Volume not failing over with SecurePath

 

Volume not failing over with SecurePath

Hello,

I'm using Secure Path Manager 4.0c SP2 on Windows 2000 Server connected to MSA1500cs array. One of the controllers have failed and I was expecting to see all the volumes failing over to the other controller. But out of 8 volumes, 7 have been failed over and one shows that it has not failed over. While the alternate path is exactly the same for all the volumes, what cause a volume not to fail over ? Has anyone had a similar experience?

Attached is a snapshot of Secure Path Manager.
5 REPLIES 5
Amol Garge
Trusted Contributor

Re: Volume not failing over with SecurePath

Behrang,

This is a weird issue...

Can you attach the show tech support?

Lets see what the controller has to say...

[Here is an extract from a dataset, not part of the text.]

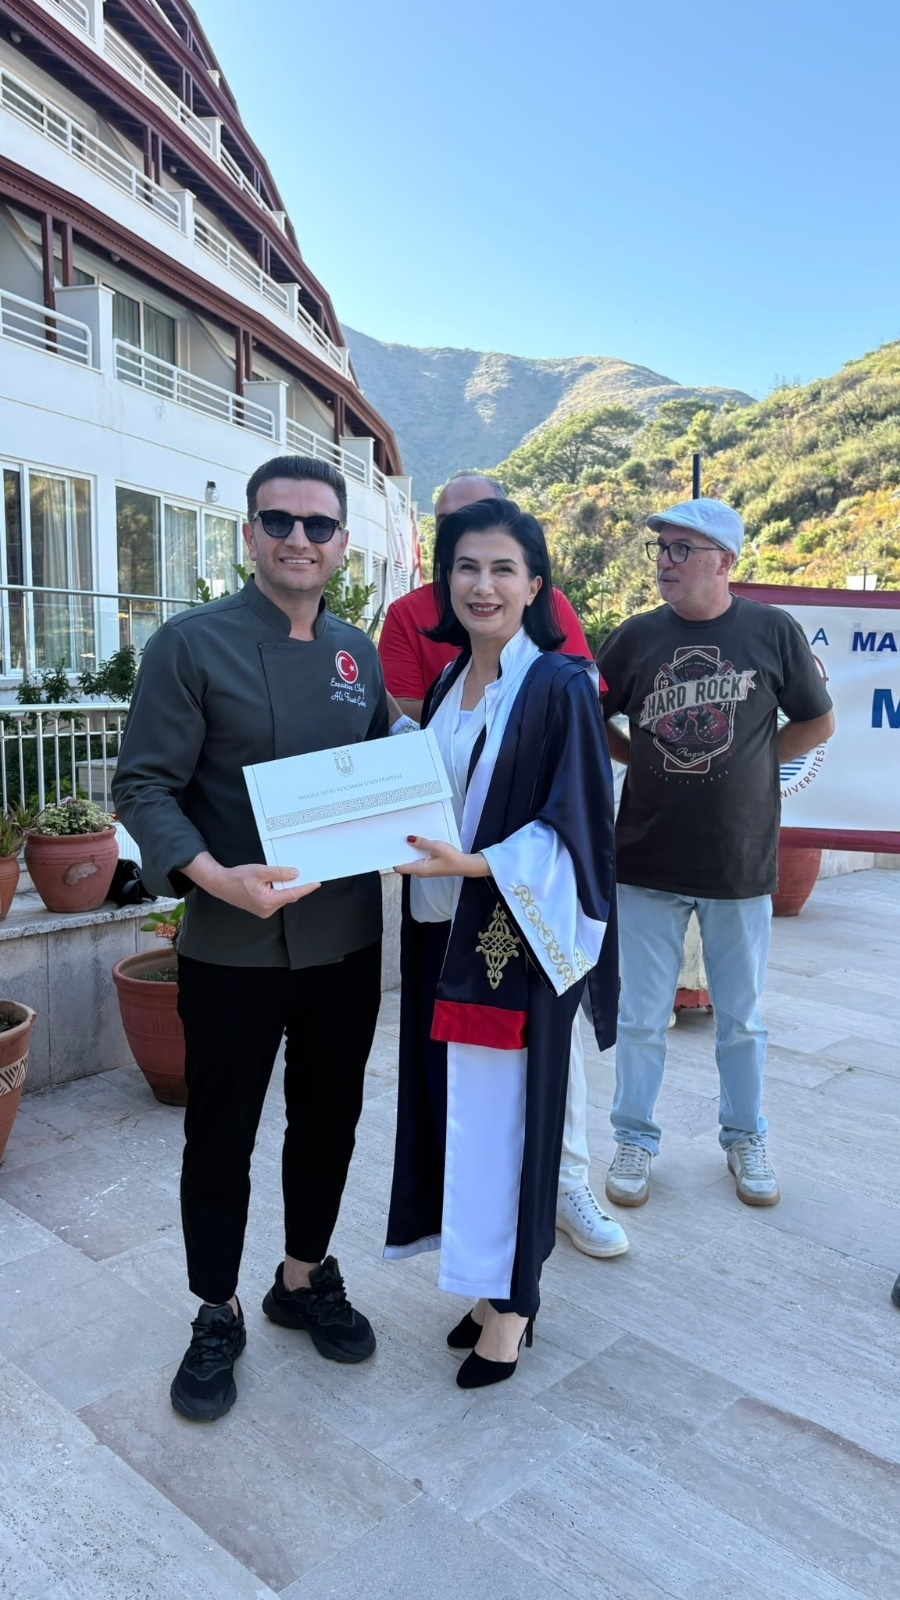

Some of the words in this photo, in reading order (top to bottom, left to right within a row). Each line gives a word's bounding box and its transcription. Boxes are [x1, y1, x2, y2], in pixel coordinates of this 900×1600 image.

Re: Volume not failing over with SecurePath

Attached is the show tech support output. The strange thing about the situation is that this MSA1500 has been perpetually failing over from one controller to the other without any apparent reason. As I write this message, the failed controller is active again and having all the volumes without any issues. The only thing done between last failover and recent one was changing a failed HD.
Amol Garge
Trusted Contributor

Re: Volume not failing over with SecurePath

OK, first things first:

From the Controller logs I see:

Disk407: Box 4, Bay 07, (B:T:L 3:08:00) was replaced.

This is a part of LUN 7, yes! the same LUN which didn't failover!

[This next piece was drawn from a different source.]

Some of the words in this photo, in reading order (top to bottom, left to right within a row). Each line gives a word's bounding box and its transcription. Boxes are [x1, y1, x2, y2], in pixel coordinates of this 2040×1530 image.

So, this is what must have happened:
The Controller failed over for some reason, at the same time or seconds before the the disk has also failed unfortunately the spare has not kicked in at that time, the LUN is in degraded mode and hence does not failover.

After spare kicks in Parity init starts and the controller fails back, the LUN is visible again to that controller like magic!

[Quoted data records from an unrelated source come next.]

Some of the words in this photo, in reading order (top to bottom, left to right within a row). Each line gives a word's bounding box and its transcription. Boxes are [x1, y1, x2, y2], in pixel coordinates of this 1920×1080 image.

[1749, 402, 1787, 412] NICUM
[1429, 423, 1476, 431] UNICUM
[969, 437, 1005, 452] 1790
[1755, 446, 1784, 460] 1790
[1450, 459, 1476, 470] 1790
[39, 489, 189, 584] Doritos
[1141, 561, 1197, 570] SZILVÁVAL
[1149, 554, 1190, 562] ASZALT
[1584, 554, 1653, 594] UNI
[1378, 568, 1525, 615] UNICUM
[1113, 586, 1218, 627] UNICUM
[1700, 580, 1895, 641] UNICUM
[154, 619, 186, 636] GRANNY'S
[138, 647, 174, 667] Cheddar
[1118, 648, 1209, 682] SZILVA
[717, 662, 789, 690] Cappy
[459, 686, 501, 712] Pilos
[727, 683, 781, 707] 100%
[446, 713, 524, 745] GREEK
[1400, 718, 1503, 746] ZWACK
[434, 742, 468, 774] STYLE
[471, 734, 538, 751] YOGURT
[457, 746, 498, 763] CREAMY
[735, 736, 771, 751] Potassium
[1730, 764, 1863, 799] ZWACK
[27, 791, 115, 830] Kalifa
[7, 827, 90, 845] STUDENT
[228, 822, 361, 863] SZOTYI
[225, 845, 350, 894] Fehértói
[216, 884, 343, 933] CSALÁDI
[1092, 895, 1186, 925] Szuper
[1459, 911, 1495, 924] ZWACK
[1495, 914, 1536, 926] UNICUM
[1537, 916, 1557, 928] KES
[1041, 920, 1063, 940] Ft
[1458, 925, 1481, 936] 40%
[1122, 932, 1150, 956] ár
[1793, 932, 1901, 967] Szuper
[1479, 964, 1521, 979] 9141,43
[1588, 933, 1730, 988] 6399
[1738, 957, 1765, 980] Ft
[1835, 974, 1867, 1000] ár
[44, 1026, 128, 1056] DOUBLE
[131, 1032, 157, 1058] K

I guess it was just bad timing.

Coming to the point that why the controllers are failing over, we need to check the whole environment.

I would recommend that you first check the ports where the MSA host ports are connected and then check the FC HBA ports for enc or crc errors.

Hope this helps!
Amol Garge
Trusted Contributor

Re: Volume not failing over with SecurePath

Hey,

Forgot to add one thing...

Access control list(SSP in GUI) is disabled...

I would recommend that you enable it.

Re: Volume not failing over with SecurePath

I'm sure of the fact that the disk has failed before this story since we run HP-OVO on the connected server and it picked up on it before this situation. But I totally agree with you that having a degraded RAID should have been the cause of this behavior(Not failing over the degraded volume) even though I don't precisely recall if I have read this behavior is documented on Secure Path manager documentation. Strangely enough after disk replacement, we haven't observed any fail overs and it's been few hours and the server has been under full load since then.

Apart from that, there have been weird messages like "Fan Failure" or "Controller Battery Low" observed during the turbulence of fail over which have been clearing out in minutes. So I'm suspicious at the malfunction of the whole fabric or some driver incompatibility somewhere.

Unfortunately this box is running on Win2K and HP has stopped providing Win2K drives for a lot of components so this will be a good motivation for us to invest in W2K3 upgrade and eventually to get rid of Secure Path Manager.

I have planned an overhaul on these boxes with HP so hopefully this should help to eliminate the root cause of the controller failure.

Thanks for all the comments and helps!